Previous studies have found diners are more likely to choose a healthier restaurant option if it says how many miles they have to walk to burn off their meal.

Experts at the University of North Carolina found volunteers chose low-at dishes when the menu detailed the distance you would have to go to burn fat.

The researchers do warn that the number of studies they included in their research was small, and the design of each varied considerably.

The amount of exercise needed to burn off 10 calorie-dense foods

Below are ten calorie-dense food and drinks and their activity equivalence.

Walking would be at a medium pace of 3-5mph and running would be at a slow pace of 5mph.

  1. Sugary soft drink (330ml can) containing 138 calories - 26 minutes of walking and 13 minutes of running.
  2. Standard chocolate bar containing 229 calories - 42 minutes of walking and 22 minutes of running.
  3. Chicken and bacon sandwich containing 445 calories - 1hr 22 minutes of walking and 42 minutes of running.
  4. 1/4 of a large pizza containing 449 calories - 1hr 23 minutes of walking and 43 minutes of running.
  5. Medium mocha coffee containing 290 calories - 53 minutes of walking and 28 minutes of running.
  6. Packet of crisps containing 171 calories - 31 minutes of walking and 16 minutes of running.
  7. Dry roasted peanuts (50g) containing 296 calories - 54 minutes of walking and 28 minutes of running.
  8. Iced cinnamon roll containing 420 calories - 1hr 17 minutes of walking and 40 minutes of running.
  9. One bowl of cereal containing 172 calories - 31 minutes of walking and 16 minutes of running.
  10. Blueberry muffin containing 265 calories - 48 minutes of walking and 25 minutes of running.

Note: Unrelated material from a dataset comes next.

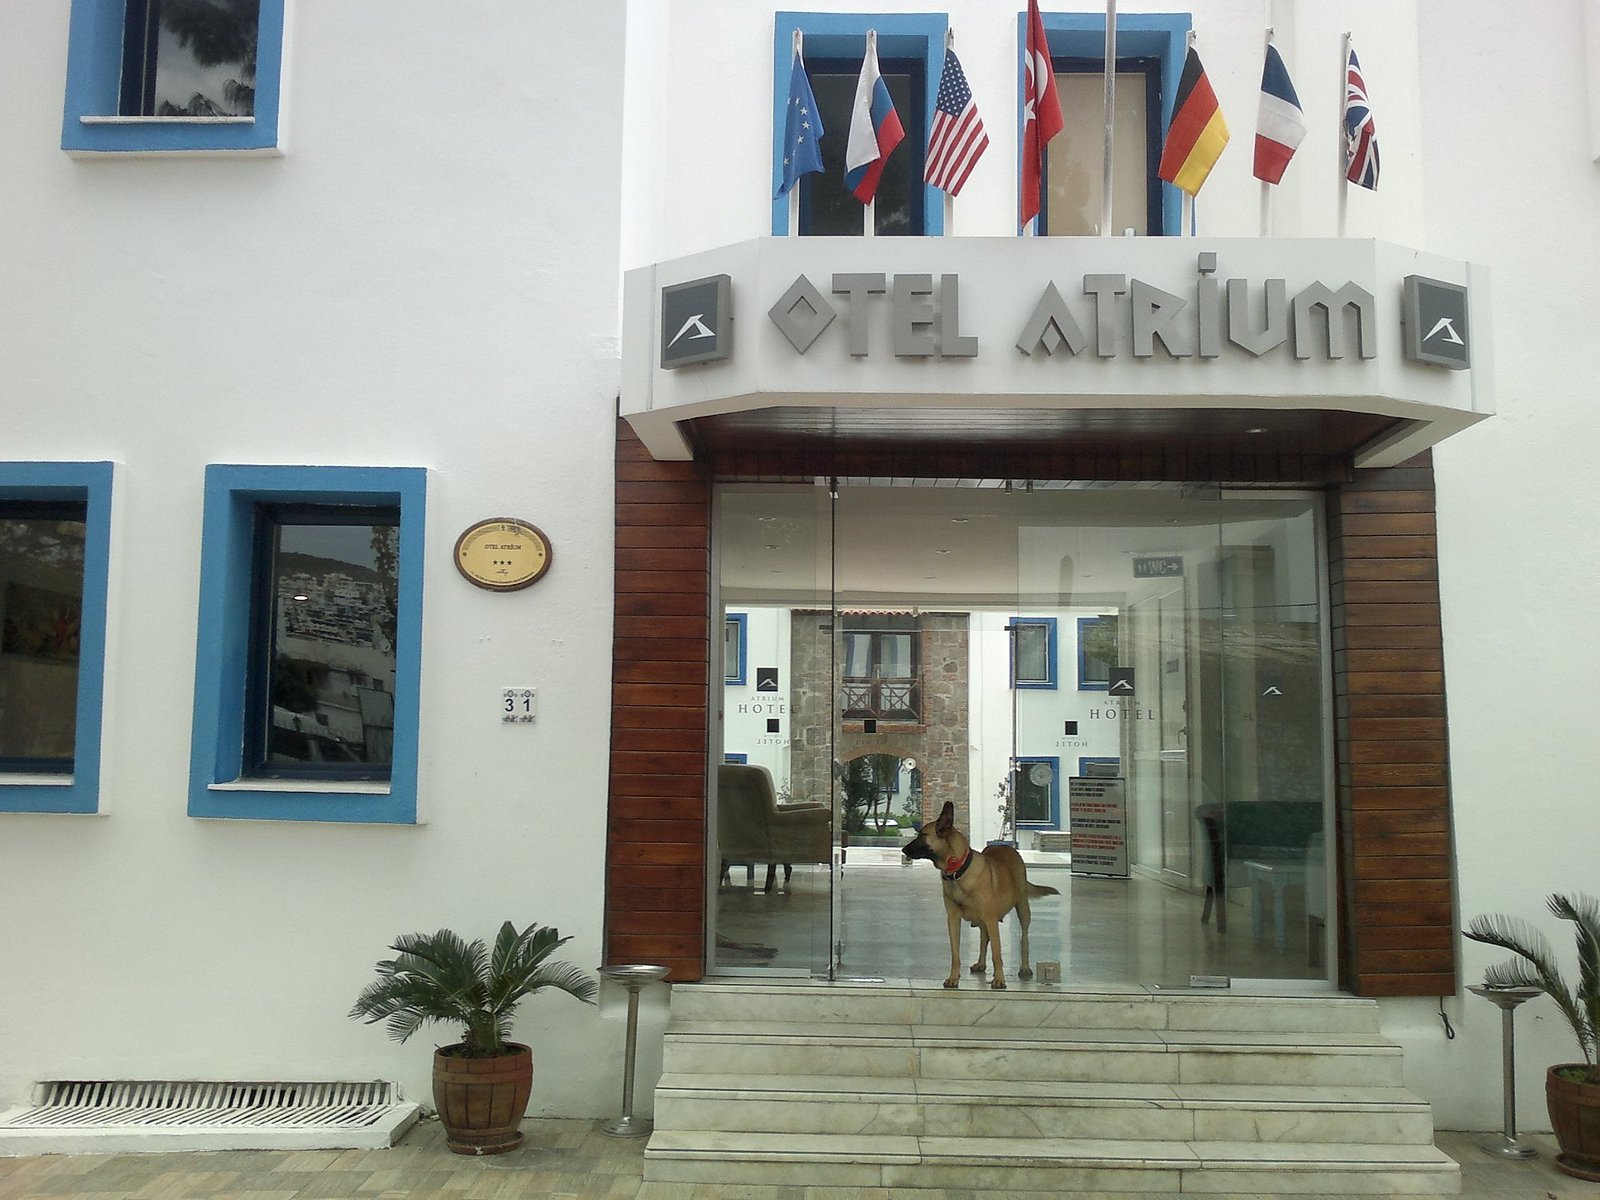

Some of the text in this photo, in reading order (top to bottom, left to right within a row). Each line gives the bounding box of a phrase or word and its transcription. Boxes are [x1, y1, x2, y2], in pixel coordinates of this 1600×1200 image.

[767, 273, 979, 358] OTEL
[738, 704, 798, 714] HOTEL
[1089, 708, 1155, 720] HOTEL
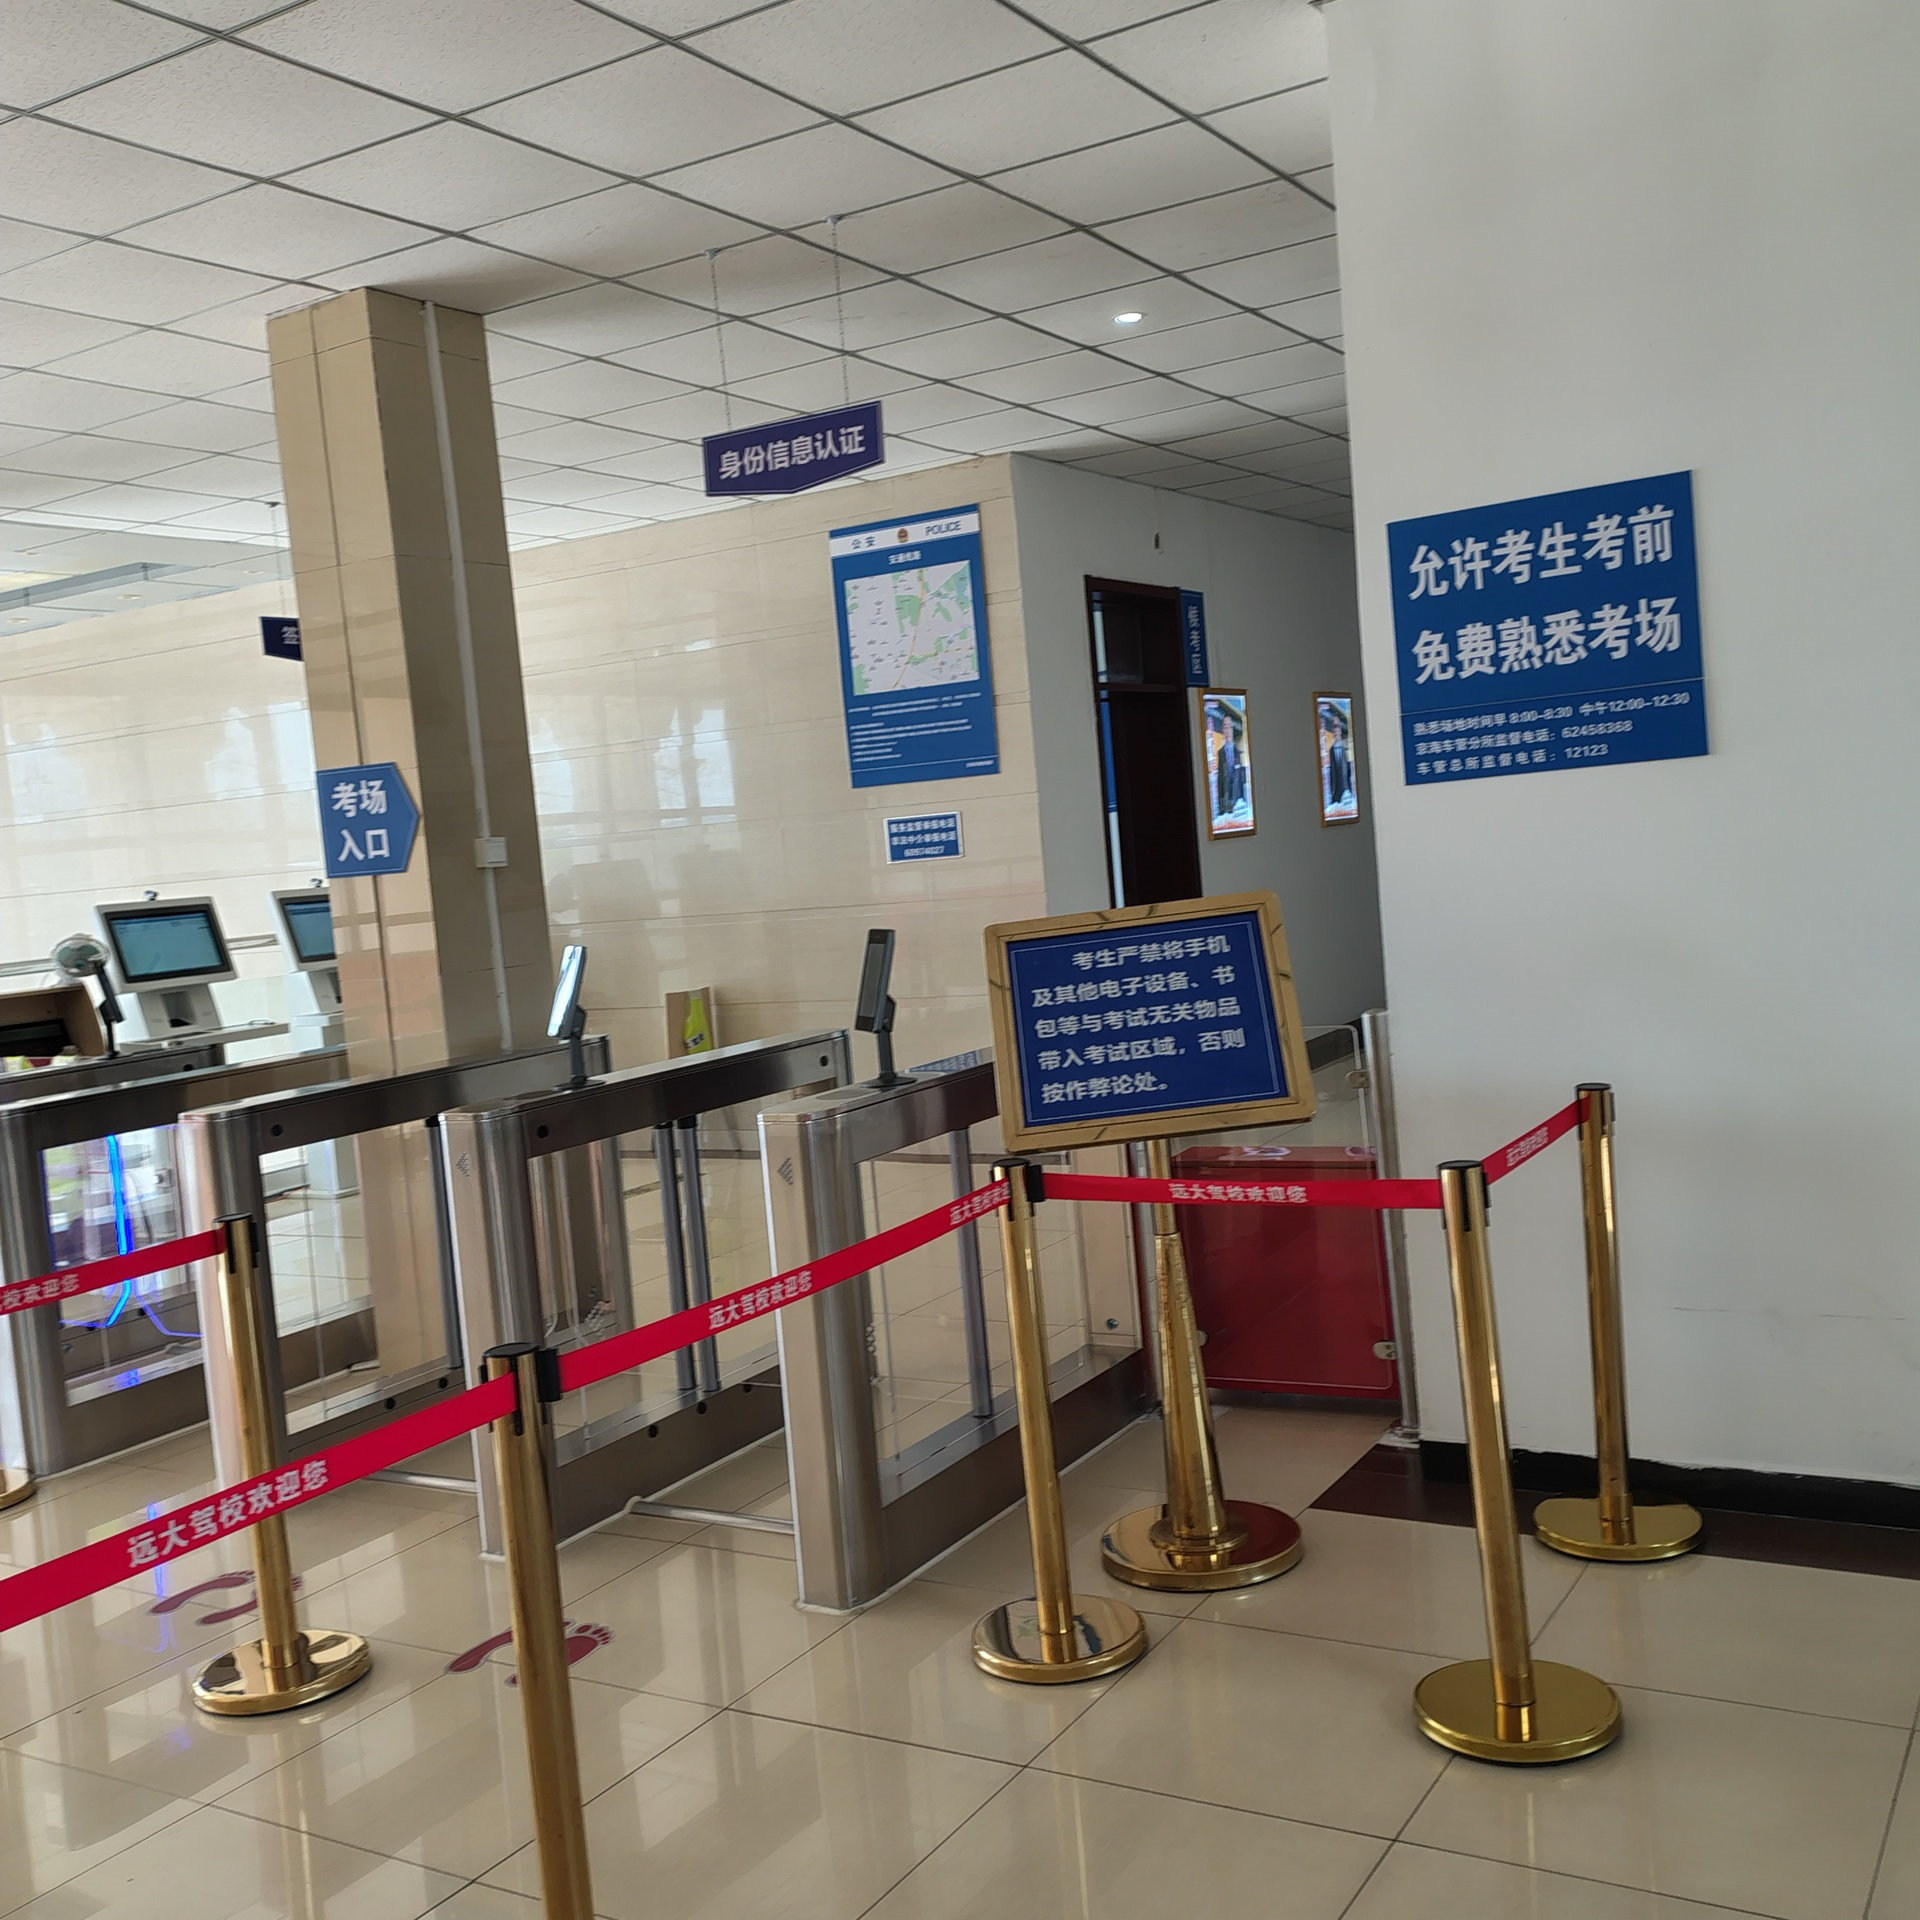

And most weren't carried out in real life settings, such as restaurants and supermarkets.

Duncan Stephenson, Deputy Chief Executive, Royal Society for Public Health, said small changes to labelling can help make a big difference to a person's weight.

He said: "This new research builds the case for introducing activity equivalent food labelling.

"Our own research showed that using this type of labelling did make people think twice about the calories they were consuming, and when compared with other forms of labelling, people were over three times more likely to indicate that they would undertake physical activity.

"This type of labelling really does put an individual’s calorie consumption in the context of energy expenditure, and knowing how out of kilter we sometimes are, this partly explains the record levels of obesity we face."

But Kate Halliwell, head of UK diet and health policy at the Food and Drink Federation, had some reservations.

She told The Sun: "Our companies have provided clear nutrition labelling on pack for decades.

"We would have some concerns that the information given would have to be an average, and the actual figure would vary greatly dependant on age, weight, gender and how fast a person is moving.

"Providing a calorie figure for the food will be much more accurate.

"And of course not all food has to be burned off, we use about 2,000 to 2,500 calories a day through our normal life.

"Careful research would be needed to see the impact of this information both in terms of food intake and exercise."